## Assignment
Reprint all of the data below exactly as shown and skip every image.

··· Records for processing ···

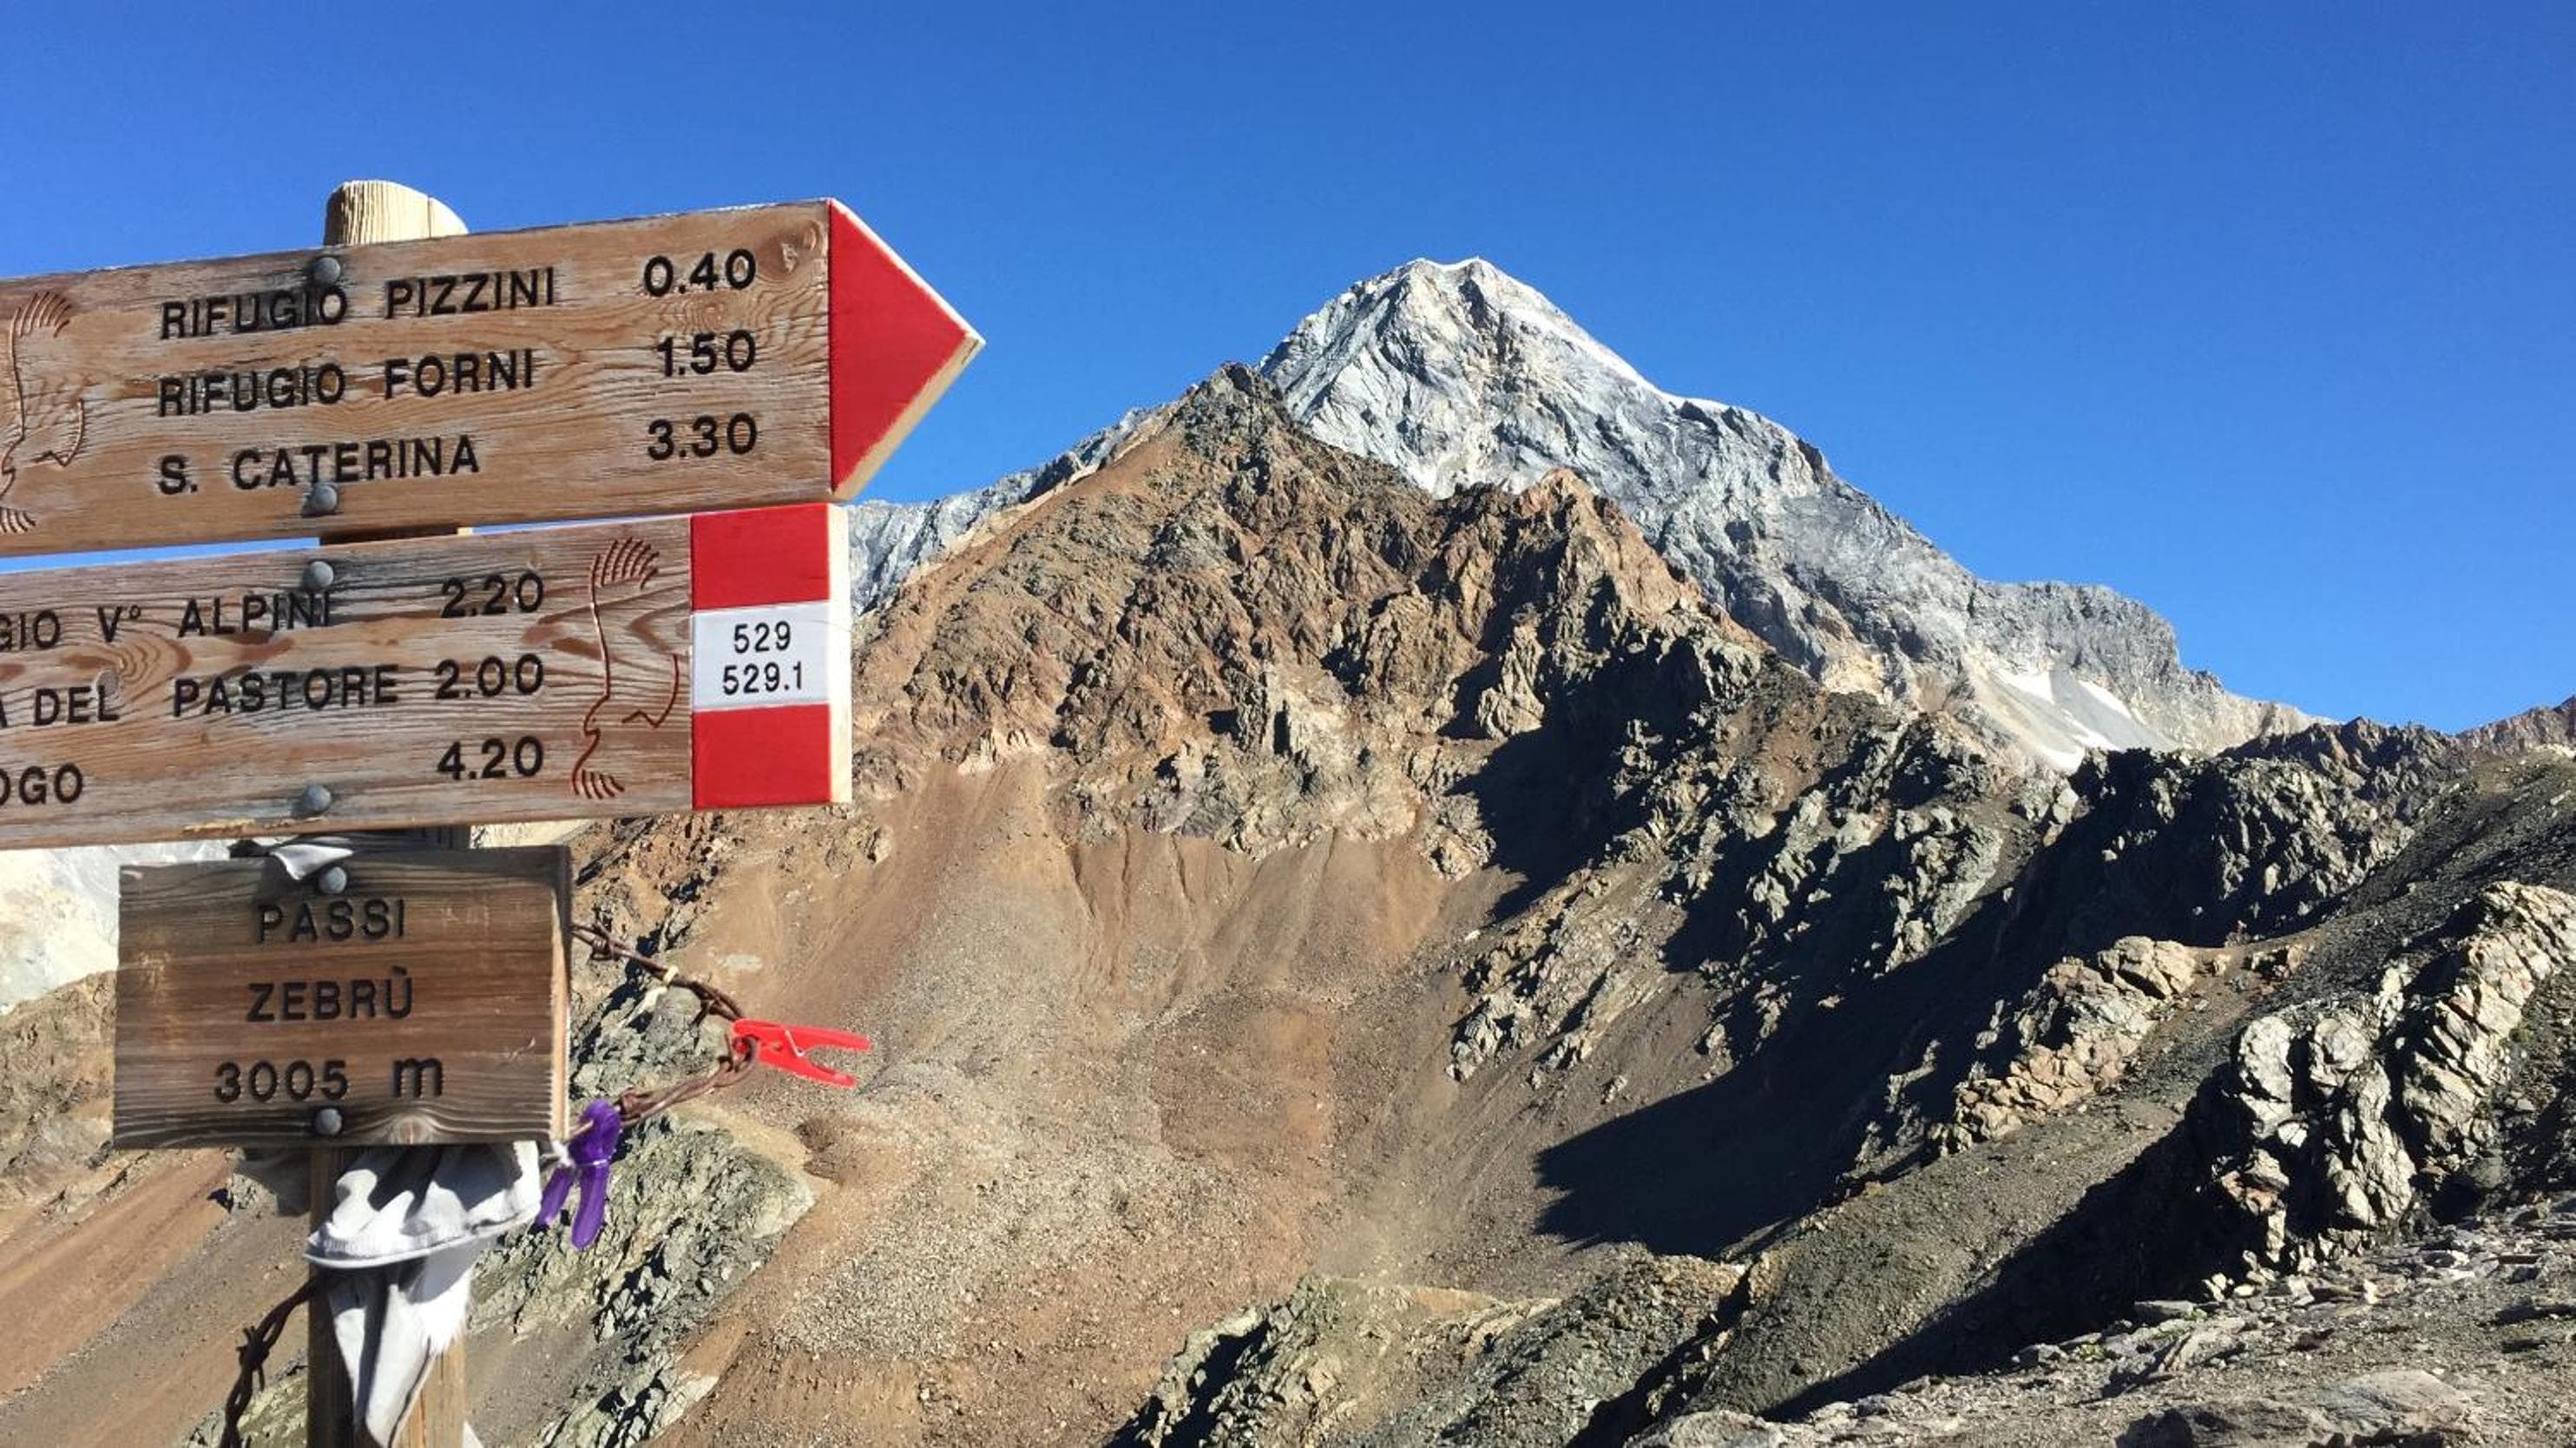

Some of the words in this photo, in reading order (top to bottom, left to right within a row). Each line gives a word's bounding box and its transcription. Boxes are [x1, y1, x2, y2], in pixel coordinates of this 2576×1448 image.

[161, 285, 347, 340] RIFUGIO
[385, 266, 555, 319] PIZZINI
[644, 247, 757, 298] 0.40
[158, 363, 345, 417] RIFUGIO
[384, 348, 533, 399] FORNI
[656, 328, 756, 378] 1.50
[159, 453, 199, 495] S.
[232, 434, 480, 490] CATERINA
[647, 412, 758, 462] 3.30
[178, 591, 332, 638] ALPINI
[440, 573, 545, 618] 2.20
[733, 621, 792, 654] 529
[34, 684, 120, 727] DEL
[174, 663, 399, 717] PASTORE
[435, 653, 545, 699] 2.00
[721, 661, 804, 694] 529.1
[437, 735, 544, 780] 4.20
[260, 898, 405, 944] PASSI
[246, 965, 414, 1023] ZEBRÙ
[214, 1059, 348, 1103] 3005
[392, 1056, 444, 1097] m
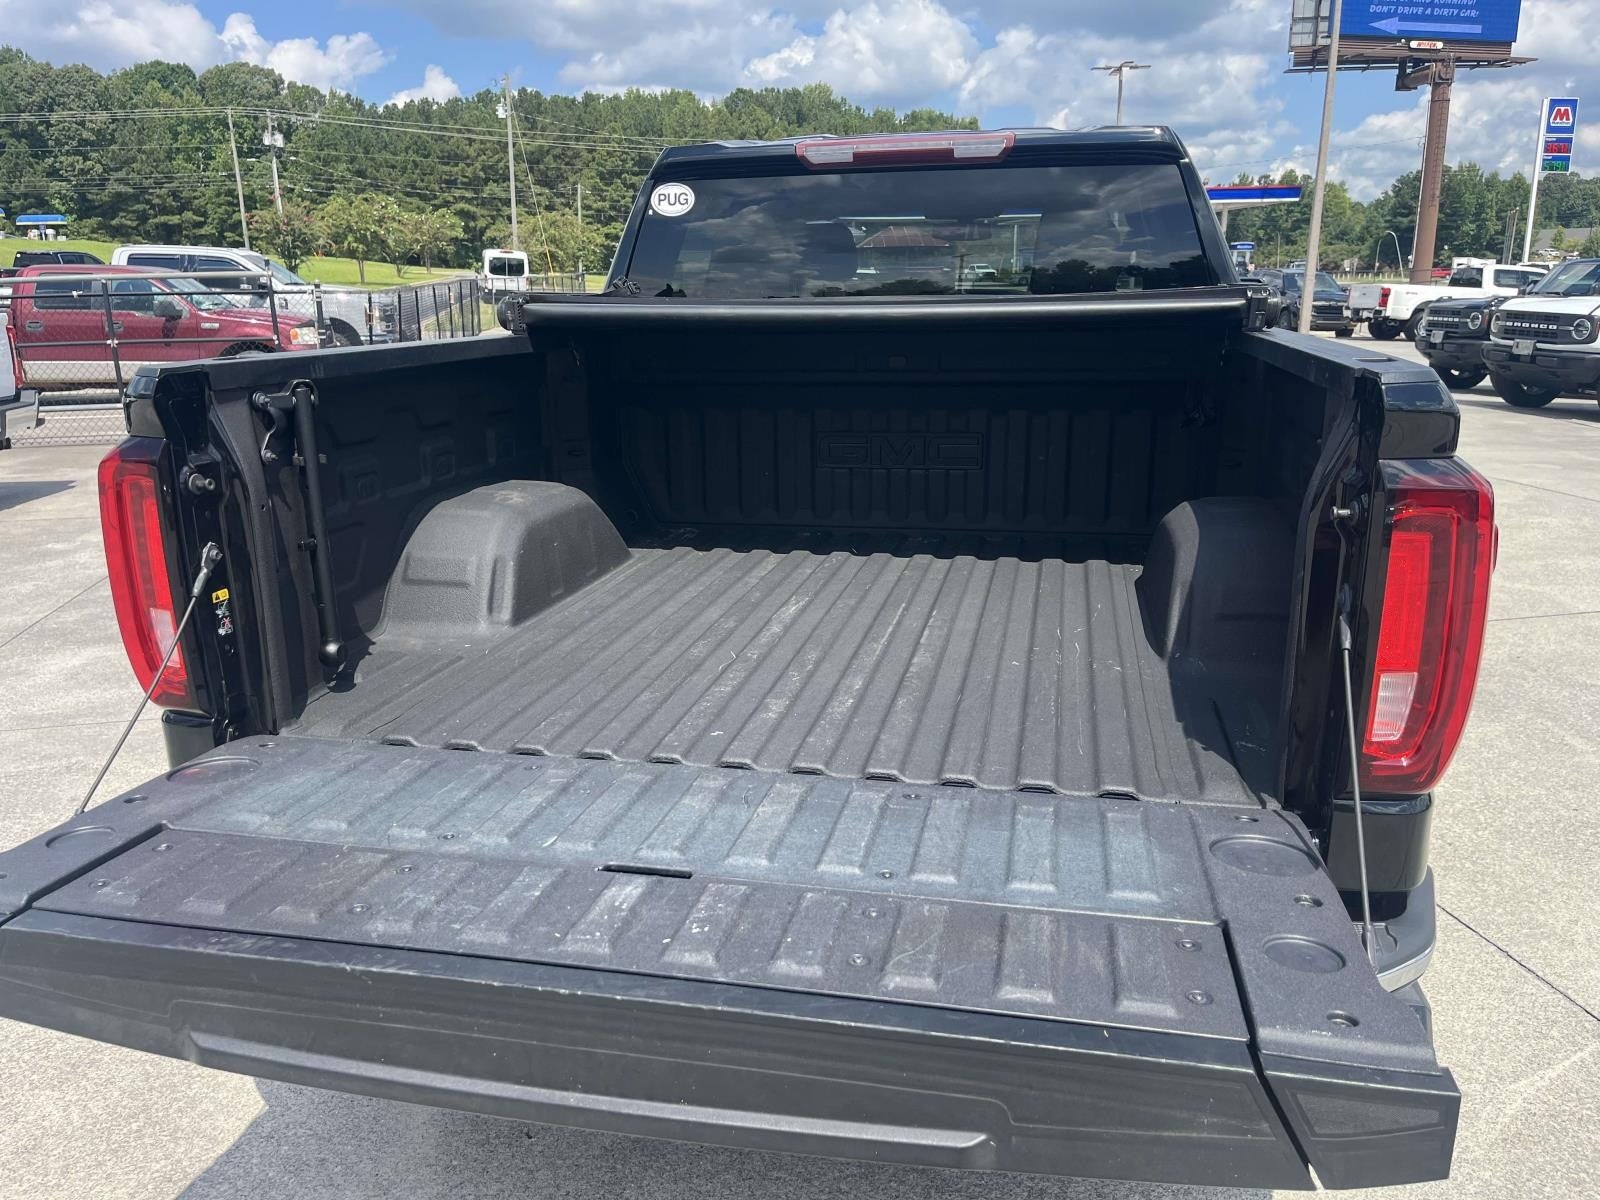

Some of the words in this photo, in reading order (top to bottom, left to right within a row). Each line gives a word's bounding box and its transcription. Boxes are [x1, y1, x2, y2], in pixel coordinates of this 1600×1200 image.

[1369, 4, 1396, 12] DON'T
[1397, 6, 1424, 14] DRIVE
[1434, 8, 1459, 16] DIRTY
[1460, 9, 1479, 17] CAR!
[658, 192, 689, 206] PUG
[819, 432, 981, 469] GMC
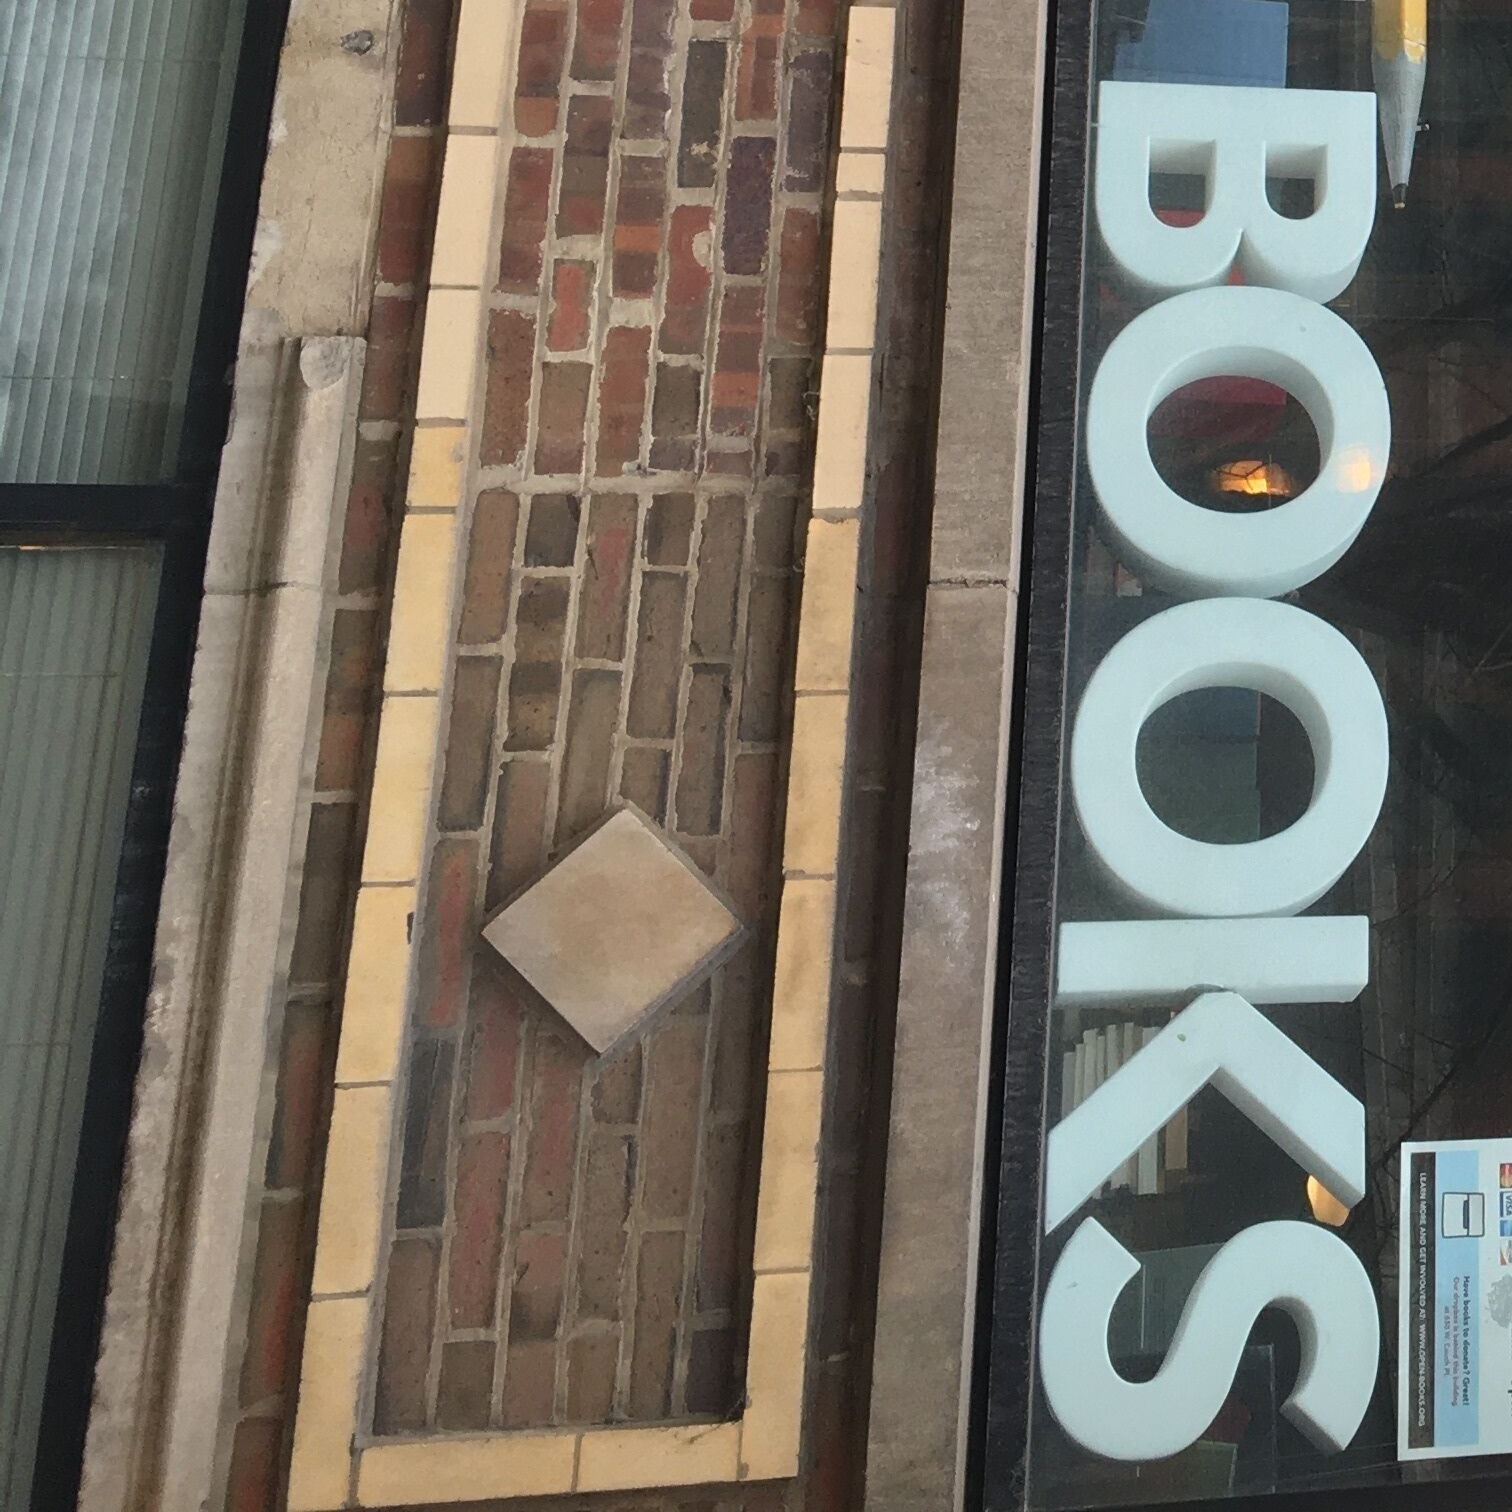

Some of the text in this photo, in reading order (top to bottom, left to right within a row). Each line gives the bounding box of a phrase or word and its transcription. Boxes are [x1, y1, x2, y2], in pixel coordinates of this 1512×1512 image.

[1040, 81, 1391, 1460] BOOKS
[1505, 1195, 1512, 1216] VISA
[1463, 1328, 1470, 1337] to

···

## Completed task
Some of the words in this photo, in reading order (top to bottom, left to right within a row). Each line gives a word's bounding box and its transcription. Boxes are [x1, y1, x2, y2], in pixel coordinates of this 2576×1448 image.

[161, 285, 347, 340] RIFUGIO
[385, 266, 555, 319] PIZZINI
[644, 247, 757, 298] 0.40
[158, 363, 345, 417] RIFUGIO
[384, 348, 533, 399] FORNI
[656, 328, 756, 378] 1.50
[159, 453, 199, 495] S.
[232, 434, 480, 490] CATERINA
[647, 412, 758, 462] 3.30
[178, 591, 332, 638] ALPINI
[440, 573, 545, 618] 2.20
[733, 621, 792, 654] 529
[34, 684, 120, 727] DEL
[174, 663, 399, 717] PASTORE
[435, 653, 545, 699] 2.00
[721, 661, 804, 694] 529.1
[437, 735, 544, 780] 4.20
[260, 898, 405, 944] PASSI
[246, 965, 414, 1023] ZEBRÙ
[214, 1059, 348, 1103] 3005
[392, 1056, 444, 1097] m

Some of the words in this photo, in reading order (top to bottom, left to right within a row). Each line gives a word's bounding box and its transcription. Boxes are [x1, y1, x2, y2], in pixel coordinates of this 1600×1200 image.

[1369, 4, 1396, 12] DON'T
[1397, 6, 1424, 14] DRIVE
[1434, 8, 1459, 16] DIRTY
[1460, 9, 1479, 17] CAR!
[658, 192, 689, 206] PUG
[819, 432, 981, 469] GMC

Some of the text in this photo, in reading order (top to bottom, left to right within a row). Each line gives the bounding box of a phrase or word and its transcription. Boxes are [x1, y1, x2, y2], in pixel coordinates of this 1512×1512 image.

[1040, 81, 1391, 1460] BOOKS
[1505, 1195, 1512, 1216] VISA
[1463, 1328, 1470, 1337] to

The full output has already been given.